==== Information ====

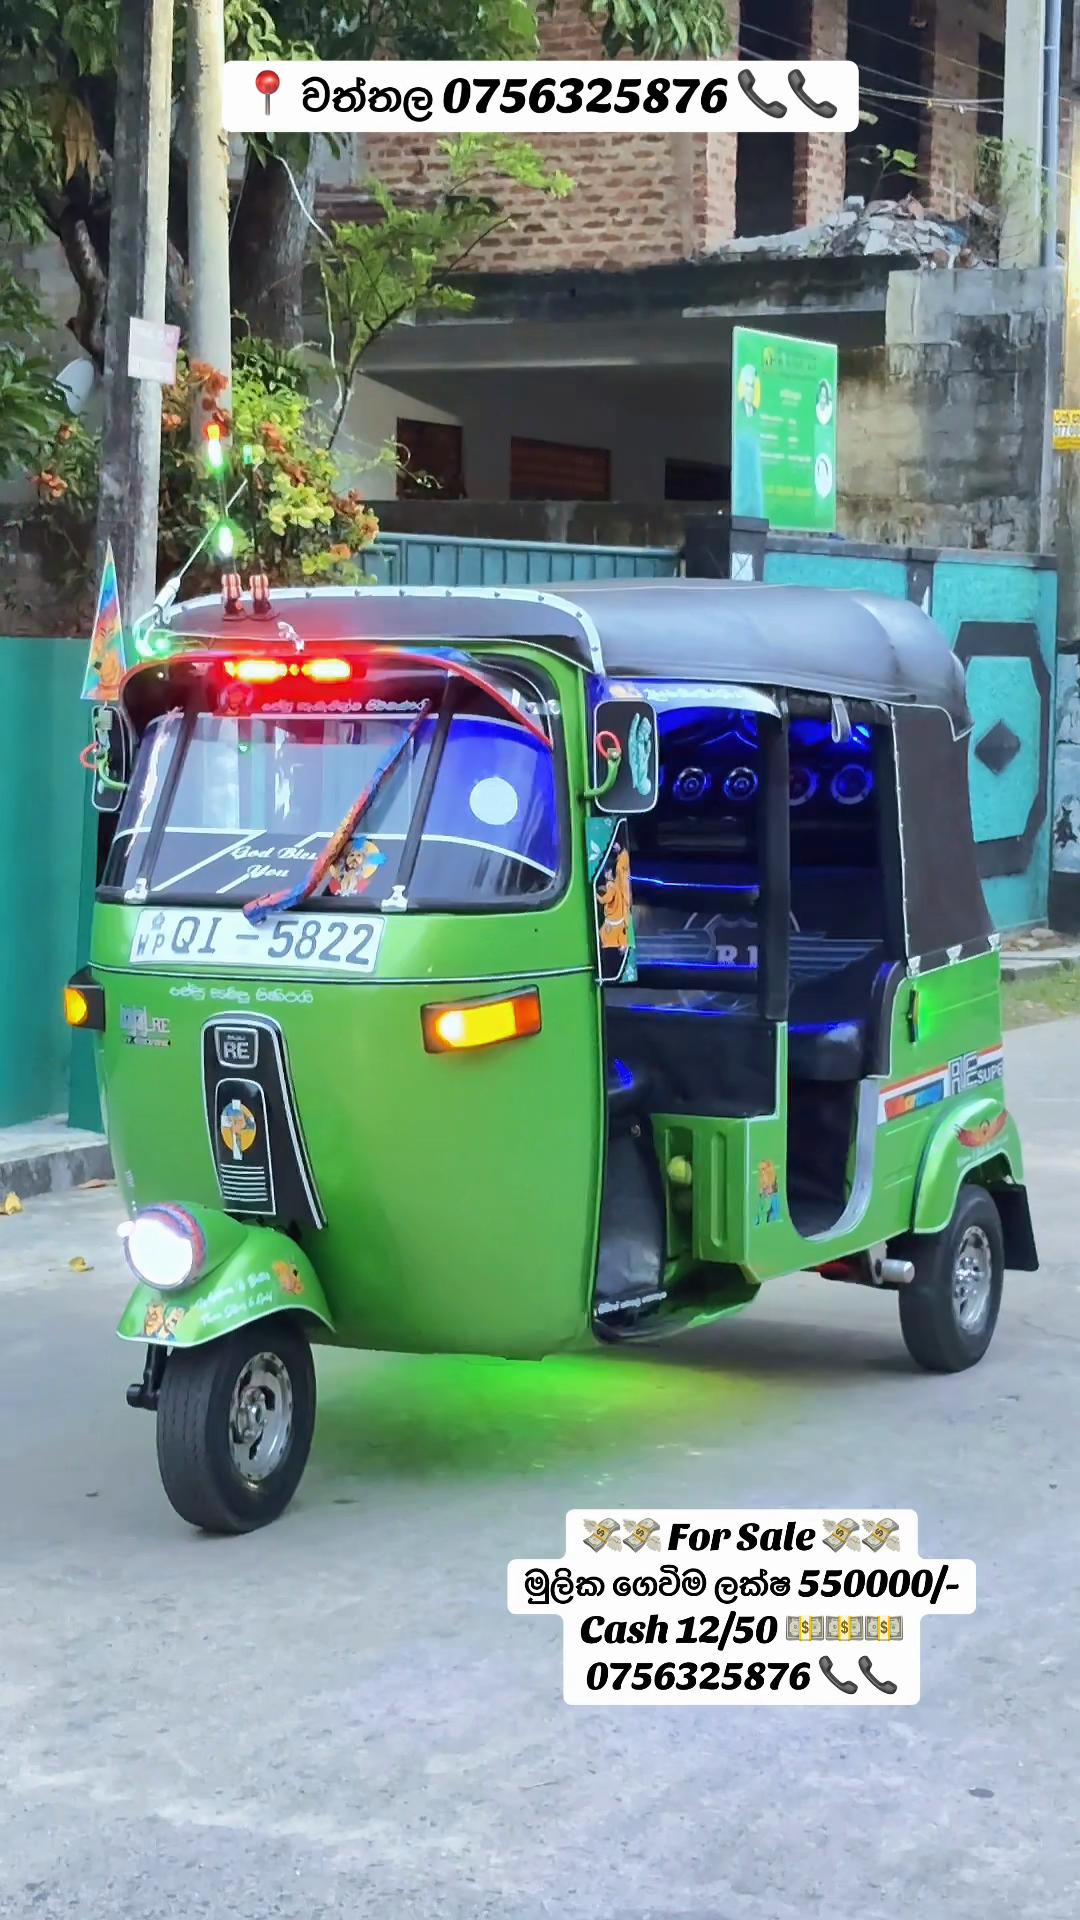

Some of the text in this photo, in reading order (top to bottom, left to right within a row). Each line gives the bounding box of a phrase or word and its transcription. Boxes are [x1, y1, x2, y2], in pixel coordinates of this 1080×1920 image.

[231, 845, 275, 860] God
[246, 863, 290, 879] You
[267, 919, 375, 967] 5822
[223, 1040, 251, 1060] RE

====

_Prompt:_
Reproduce the whole listing above character for character; pictures do not belong in it.

_Solution to this problem:_
Some of the text in this photo, in reading order (top to bottom, left to right within a row). Each line gives the bounding box of a phrase or word and its transcription. Boxes are [x1, y1, x2, y2], in pixel coordinates of this 1080×1920 image.

[231, 845, 275, 860] God
[246, 863, 290, 879] You
[267, 919, 375, 967] 5822
[223, 1040, 251, 1060] RE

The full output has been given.